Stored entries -
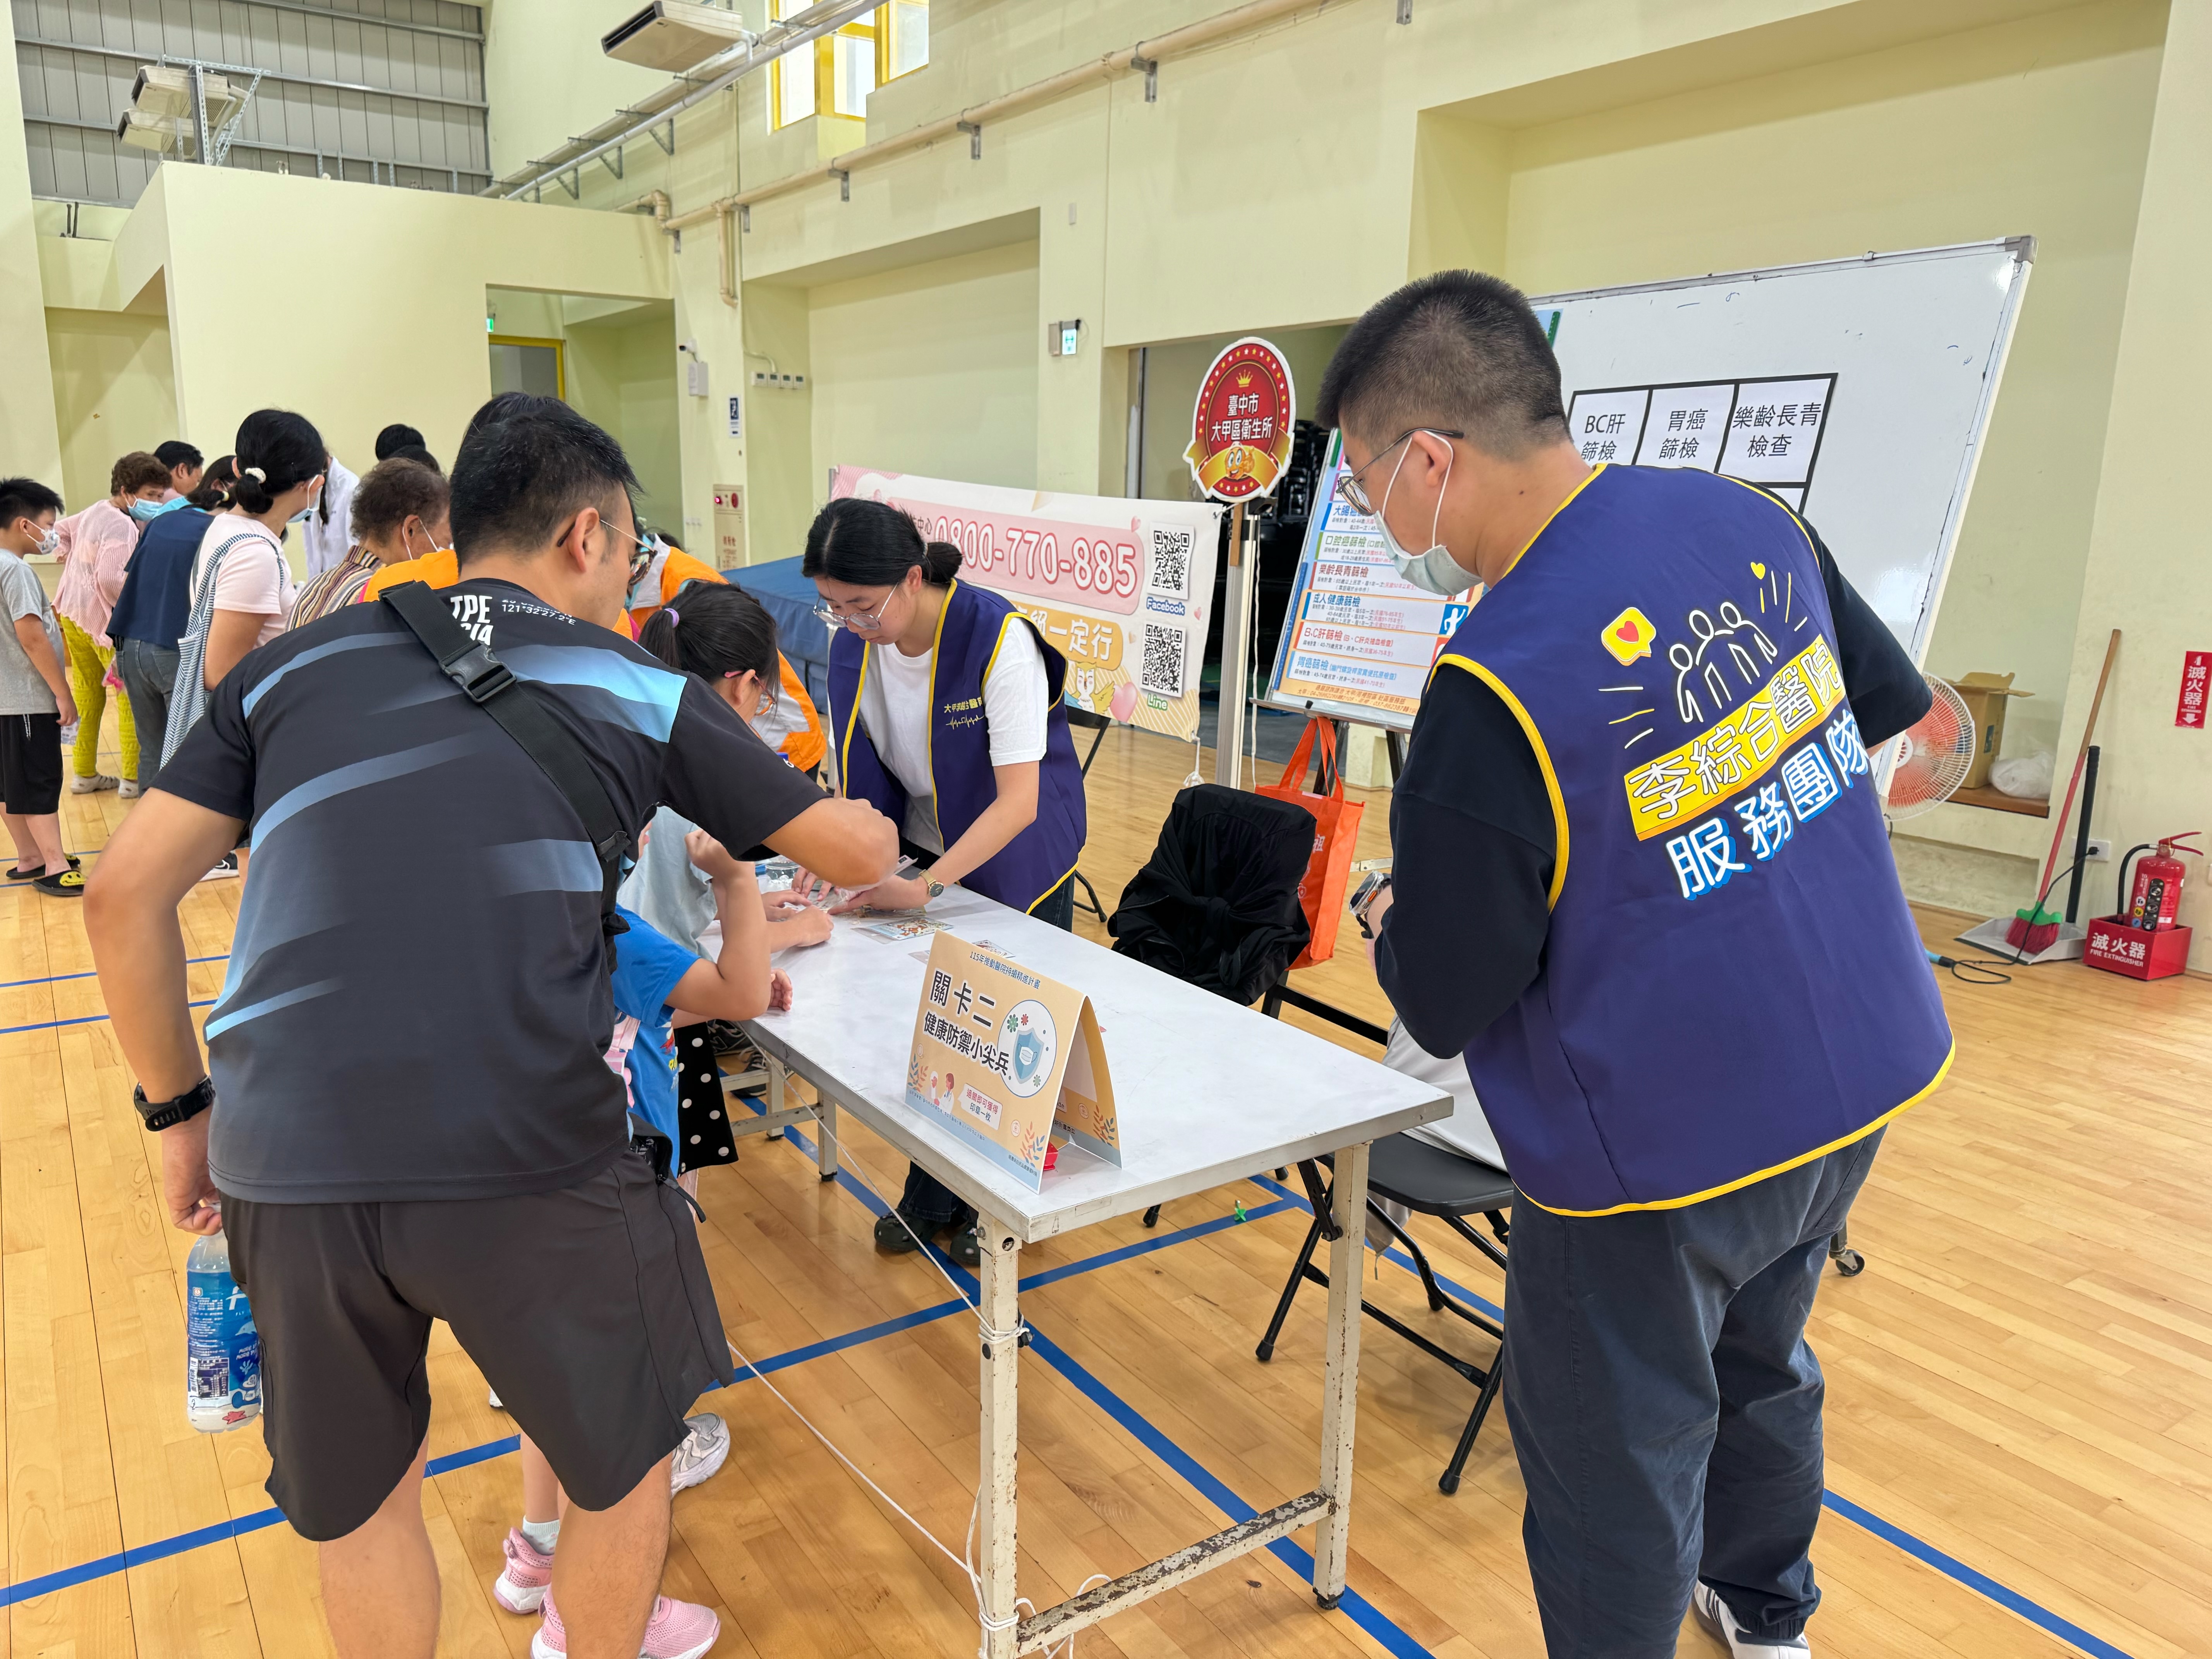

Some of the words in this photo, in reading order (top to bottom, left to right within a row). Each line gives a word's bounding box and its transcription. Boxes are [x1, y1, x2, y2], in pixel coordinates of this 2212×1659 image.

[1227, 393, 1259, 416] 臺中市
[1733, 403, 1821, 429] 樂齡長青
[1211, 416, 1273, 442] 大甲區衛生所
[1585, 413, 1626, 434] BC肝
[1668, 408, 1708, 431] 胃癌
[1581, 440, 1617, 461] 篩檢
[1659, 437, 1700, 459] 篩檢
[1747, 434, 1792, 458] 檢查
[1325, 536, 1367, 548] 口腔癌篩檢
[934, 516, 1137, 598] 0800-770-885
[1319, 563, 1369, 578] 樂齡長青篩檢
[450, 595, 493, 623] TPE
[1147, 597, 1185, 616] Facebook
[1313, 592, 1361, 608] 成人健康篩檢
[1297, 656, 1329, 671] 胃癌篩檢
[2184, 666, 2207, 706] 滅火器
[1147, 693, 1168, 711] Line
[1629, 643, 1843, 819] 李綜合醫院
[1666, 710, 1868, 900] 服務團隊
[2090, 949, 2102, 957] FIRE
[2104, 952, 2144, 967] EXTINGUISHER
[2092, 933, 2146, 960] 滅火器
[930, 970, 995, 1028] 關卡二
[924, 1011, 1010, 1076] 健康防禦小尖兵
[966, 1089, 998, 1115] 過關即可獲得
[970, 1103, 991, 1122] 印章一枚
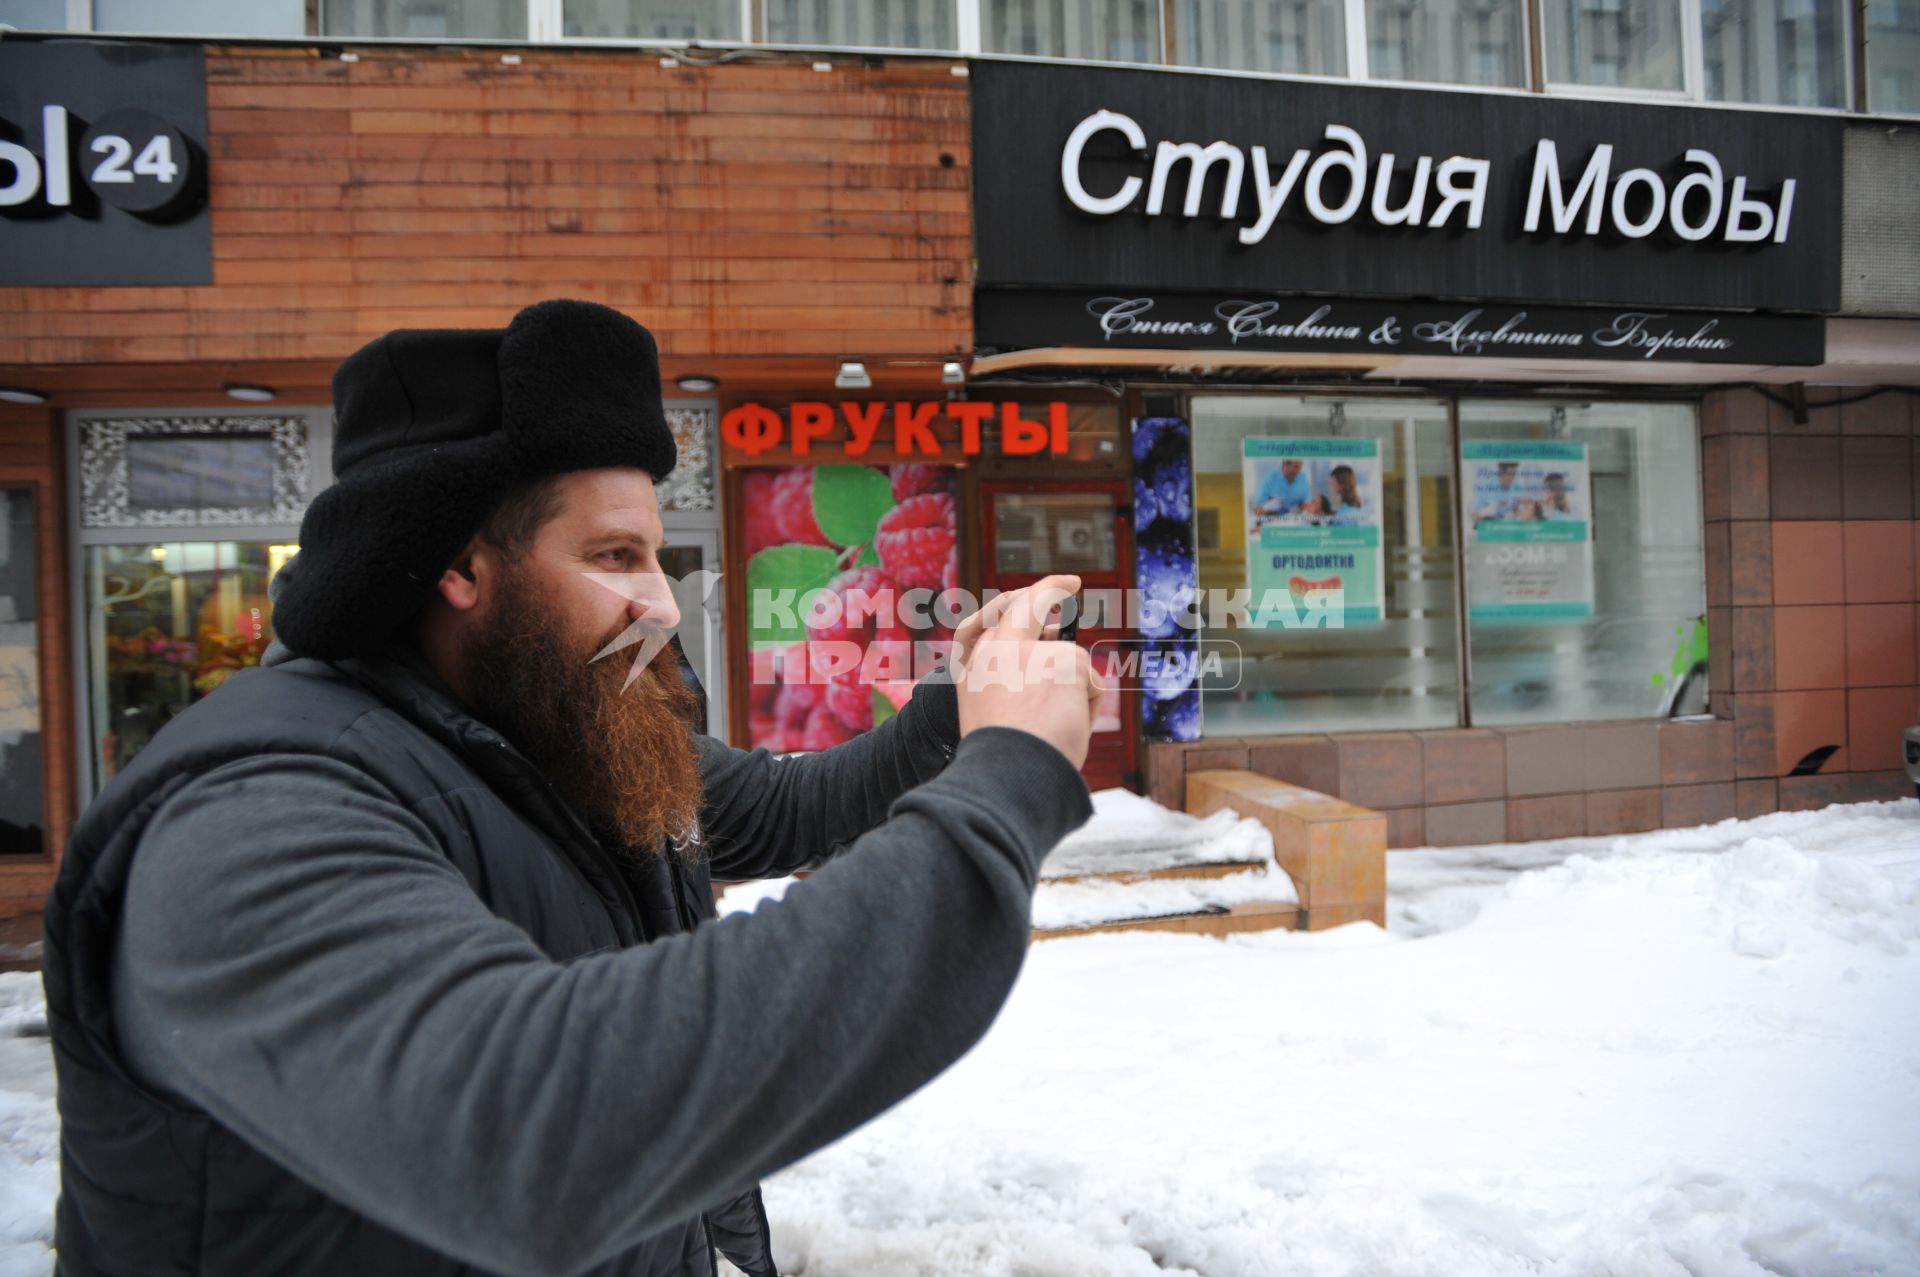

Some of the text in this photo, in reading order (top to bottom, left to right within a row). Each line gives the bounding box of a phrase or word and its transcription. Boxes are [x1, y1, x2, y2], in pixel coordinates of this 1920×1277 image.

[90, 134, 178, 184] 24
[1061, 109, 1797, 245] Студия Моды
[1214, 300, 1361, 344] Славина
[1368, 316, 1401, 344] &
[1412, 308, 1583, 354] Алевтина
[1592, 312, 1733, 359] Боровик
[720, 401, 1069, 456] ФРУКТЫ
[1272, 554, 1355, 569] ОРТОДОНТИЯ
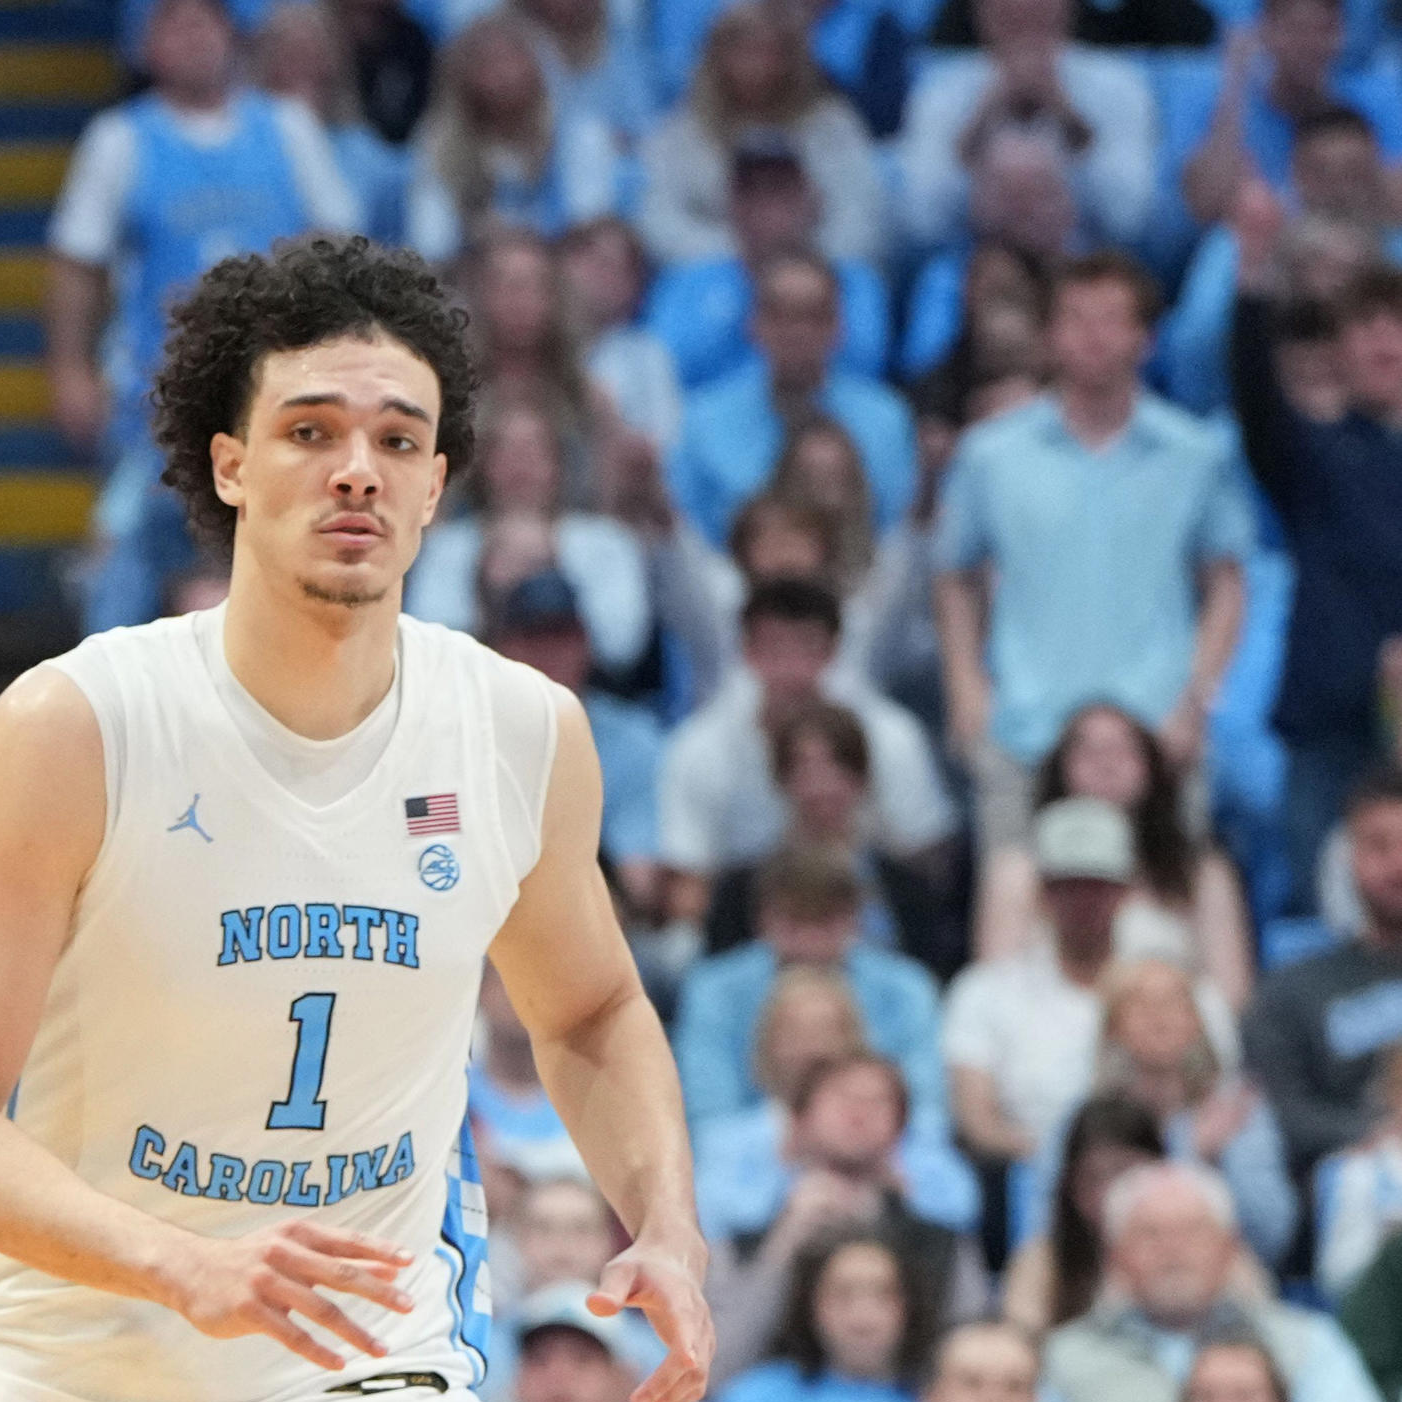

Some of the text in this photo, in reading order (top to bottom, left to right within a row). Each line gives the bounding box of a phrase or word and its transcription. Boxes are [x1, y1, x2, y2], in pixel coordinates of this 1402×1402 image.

ASSIGNMENT -
None of the pictures should appear; repeat the records exactly otherwise.

SOLUTION BELOW -
Some of the words in this photo, in reading order (top to bottom, left to right within a row). Each line gives a word's bounding box and its transcription. Boxes are [x1, y1, x2, y2], in pixel coordinates of this 2212×1659 image.

[1227, 393, 1259, 416] 臺中市
[1733, 403, 1821, 429] 樂齡長青
[1211, 416, 1273, 442] 大甲區衛生所
[1585, 413, 1626, 434] BC肝
[1668, 408, 1708, 431] 胃癌
[1581, 440, 1617, 461] 篩檢
[1659, 437, 1700, 459] 篩檢
[1747, 434, 1792, 458] 檢查
[1325, 536, 1367, 548] 口腔癌篩檢
[934, 516, 1137, 598] 0800-770-885
[1319, 563, 1369, 578] 樂齡長青篩檢
[450, 595, 493, 623] TPE
[1147, 597, 1185, 616] Facebook
[1313, 592, 1361, 608] 成人健康篩檢
[1297, 656, 1329, 671] 胃癌篩檢
[2184, 666, 2207, 706] 滅火器
[1147, 693, 1168, 711] Line
[1629, 643, 1843, 819] 李綜合醫院
[1666, 710, 1868, 900] 服務團隊
[2090, 949, 2102, 957] FIRE
[2104, 952, 2144, 967] EXTINGUISHER
[2092, 933, 2146, 960] 滅火器
[930, 970, 995, 1028] 關卡二
[924, 1011, 1010, 1076] 健康防禦小尖兵
[966, 1089, 998, 1115] 過關即可獲得
[970, 1103, 991, 1122] 印章一枚

Some of the text in this photo, in reading order (top to bottom, left to right within a row). Each line gives the bounding box of a phrase or word and its transcription. Boxes are [x1, y1, x2, y2], in pixel coordinates of this 1920×1277 image.

[90, 134, 178, 184] 24
[1061, 109, 1797, 245] Студия Моды
[1214, 300, 1361, 344] Славина
[1368, 316, 1401, 344] &
[1412, 308, 1583, 354] Алевтина
[1592, 312, 1733, 359] Боровик
[720, 401, 1069, 456] ФРУКТЫ
[1272, 554, 1355, 569] ОРТОДОНТИЯ

Some of the text in this photo, in reading order (top to bottom, left to right within a row). Each line gives the bounding box of a phrase or word and its transcription. Boxes are [x1, y1, x2, y2], in pixel coordinates of this 1402×1402 image.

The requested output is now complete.